An anti-corporate farming law in Minnesota may be helping to keep farmland prices in the state from inflating into the large bubble that appears poised to burst on the American farm economy the way inflated home values collapsed during the Great Recession.
Minnesota is one of nine Midwest states to have a “corporate farm law” widely called an “anti-corporate farming” law. It restricts hedge funds, pension funds, limited liability companies and most corporations from owning, operating or leasing farmland.
Farmland prices have steadily climbed in recent years, helped by strong farm commodity prices and more limited returns from other investments since the Great Recession. But evidence gathered from financial surveys and an annual University of Minnesota land study suggest Minnesota prices haven’t soared like those in other states where land isn’t protected from Wall Street or outside investors.
Minnesota is a “family farming” state, which means that if land prices have blown into a bubble, other family farmers are causing it, said Paul Brutlag, a Wendell, Minn., farmer and attorney. That doesn’t mean there isn’t some land speculation going on, he said. It means corporations and investment funds aren’t dumping surplus cash into Minnesota land and pricing it out of reach of other farmers.

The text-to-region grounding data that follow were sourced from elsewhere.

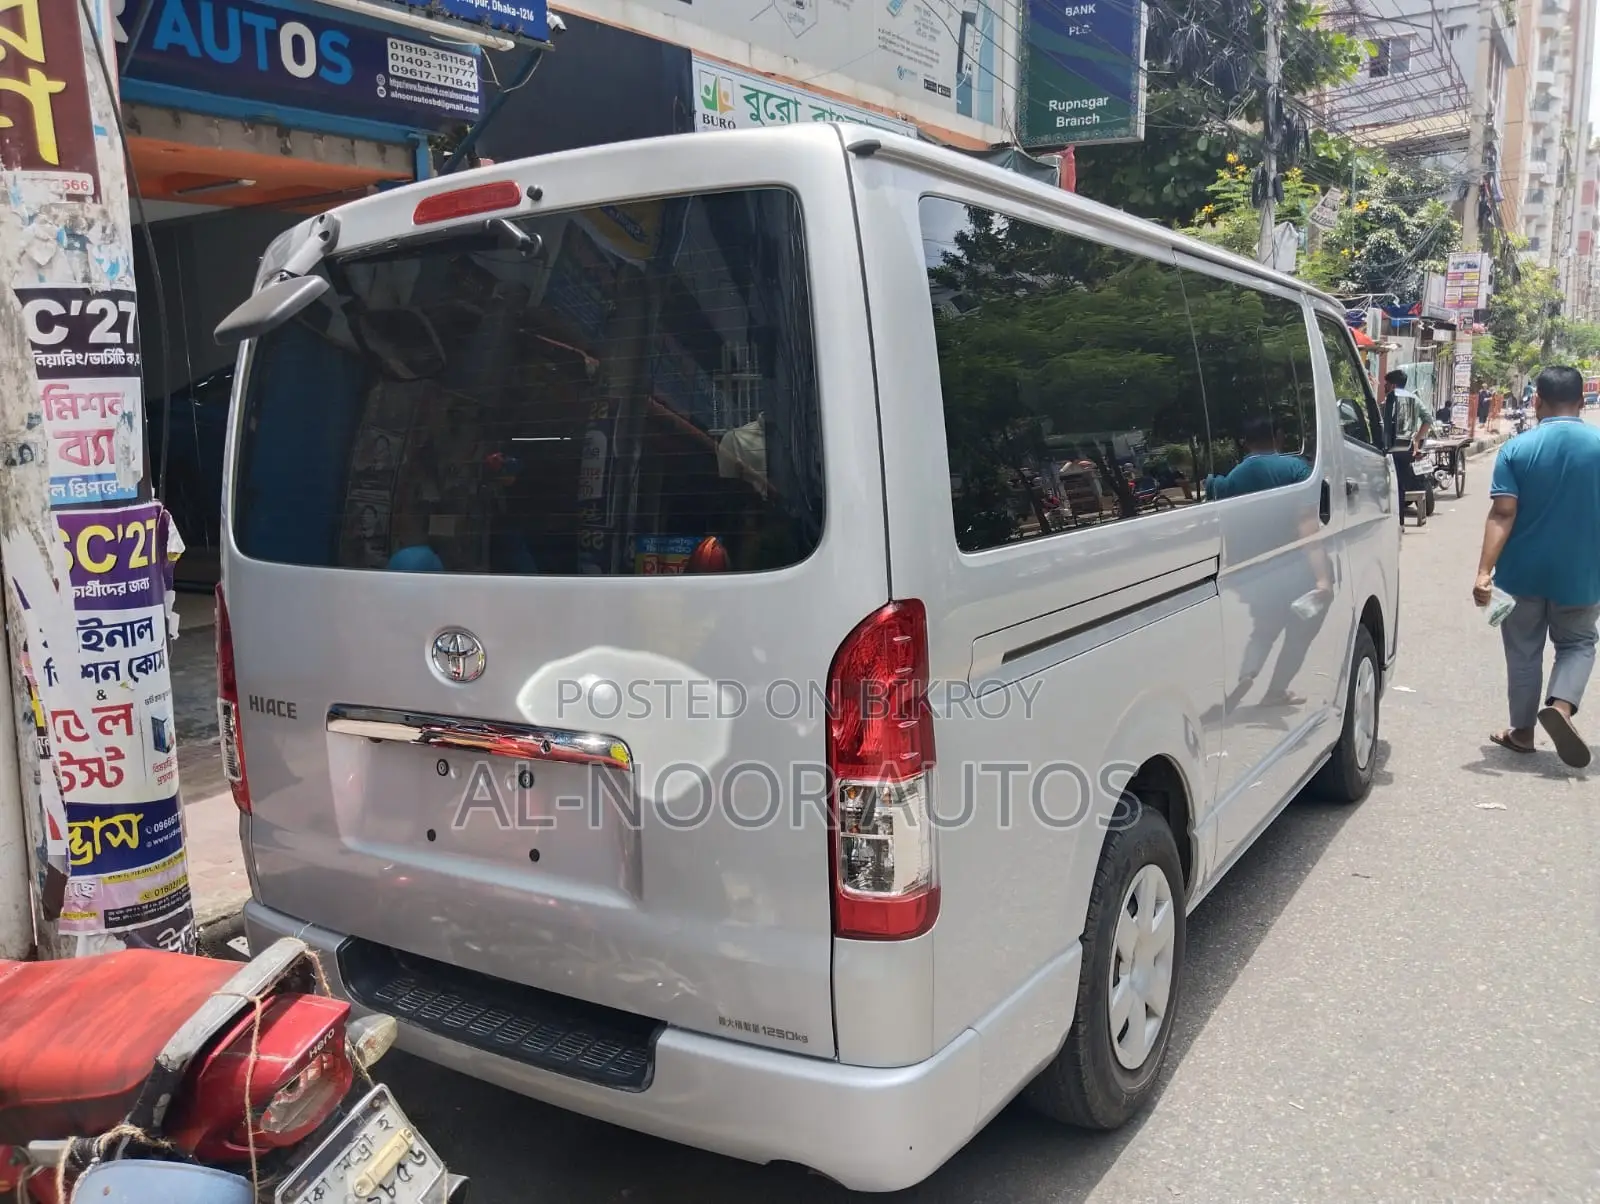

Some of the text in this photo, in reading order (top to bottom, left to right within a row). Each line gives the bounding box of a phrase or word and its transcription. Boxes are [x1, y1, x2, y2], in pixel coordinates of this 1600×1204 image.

[491, 0, 534, 21] Dhaka-1216
[1065, 4, 1096, 16] BANK
[152, 0, 354, 85] AUTOS
[391, 53, 475, 79] 01403-111777
[391, 64, 477, 91] 09617-171841
[740, 84, 802, 127] বুরো
[1049, 97, 1109, 112] Rupnagar
[702, 114, 737, 130] BURO
[1056, 113, 1100, 128] Branch
[96, 689, 107, 700] &
[248, 694, 298, 720] HIACE
[309, 1027, 335, 1060] Hero

Dave Saxowsky, an associate professor and agricultural law specialist at the North Dakota State University’s department of agriculture and applied economics, said it is difficult to tell how much corporate farm laws may be curtailing a full-scale farmland bubble in states such as Minnesota and North Dakota. “I’ll grant you they are keeping pension funds and trusts out of the market,” he said.
North Dakota, South Dakota, Nebraska, Kansas, Oklahoma, Minnesota, Iowa, Missouri and Wisconsin have all had corporate farming laws, according to the National Agricultural Law Center at the University of Arkansas. The Center for Rural Affairs at Lyons, Neb., however, found legal challenges weakened or negated meaningful portions of those laws in a majority of the states, but not in Minnesota.

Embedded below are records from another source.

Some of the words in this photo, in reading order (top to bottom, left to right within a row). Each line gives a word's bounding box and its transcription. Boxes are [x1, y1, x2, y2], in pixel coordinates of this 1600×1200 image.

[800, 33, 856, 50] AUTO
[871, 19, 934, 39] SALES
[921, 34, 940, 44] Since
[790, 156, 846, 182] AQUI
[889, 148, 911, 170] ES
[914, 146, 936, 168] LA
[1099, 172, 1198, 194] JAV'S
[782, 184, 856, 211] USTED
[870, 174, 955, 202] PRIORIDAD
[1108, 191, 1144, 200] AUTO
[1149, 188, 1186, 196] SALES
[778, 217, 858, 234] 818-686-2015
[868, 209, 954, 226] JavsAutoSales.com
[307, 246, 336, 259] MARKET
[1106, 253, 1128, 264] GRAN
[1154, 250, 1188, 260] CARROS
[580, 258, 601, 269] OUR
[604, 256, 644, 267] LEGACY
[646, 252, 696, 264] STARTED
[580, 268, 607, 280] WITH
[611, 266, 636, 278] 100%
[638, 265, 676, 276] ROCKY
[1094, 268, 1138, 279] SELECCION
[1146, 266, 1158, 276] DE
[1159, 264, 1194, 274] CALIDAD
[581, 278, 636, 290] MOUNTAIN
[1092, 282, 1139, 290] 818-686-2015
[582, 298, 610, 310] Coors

Farm and bank worries of a possible return to a Farm Financial Crisis (1982-1987) era, may help hold the Upper Midwest’s bubble in check. A self-proclaimed “North Dakota farm boy,” NDSU’s Saxowsky purchased two parcels of land in recent years after factoring a 5 percent returned on investment.
That bettered the 3.5 percent return he anticipated from other investment options, he said. Like many farmland purchasers of recent years, his small acquisitions were not financed and didn’t add debt service costs to his balance sheets.
There is nonetheless evidence farmland is in a bubble. Nobel laureate Robert Shiller, who accurately forecast the housing bubble burst before 2008, warned a farmland bubble might be bursting in interviews following his award in October.
How that might play out in Minnesota is difficult to tell. What on the surface looked like conflicting data came in August from the U.S. Department of Agriculture, in a survey from farmers; the Minneapolis Federal Reserve Bank, in a survey of regional bankers; and from the University of Minnesota Extension Service’s Steve Taff, who does an annual study of actual land transactions.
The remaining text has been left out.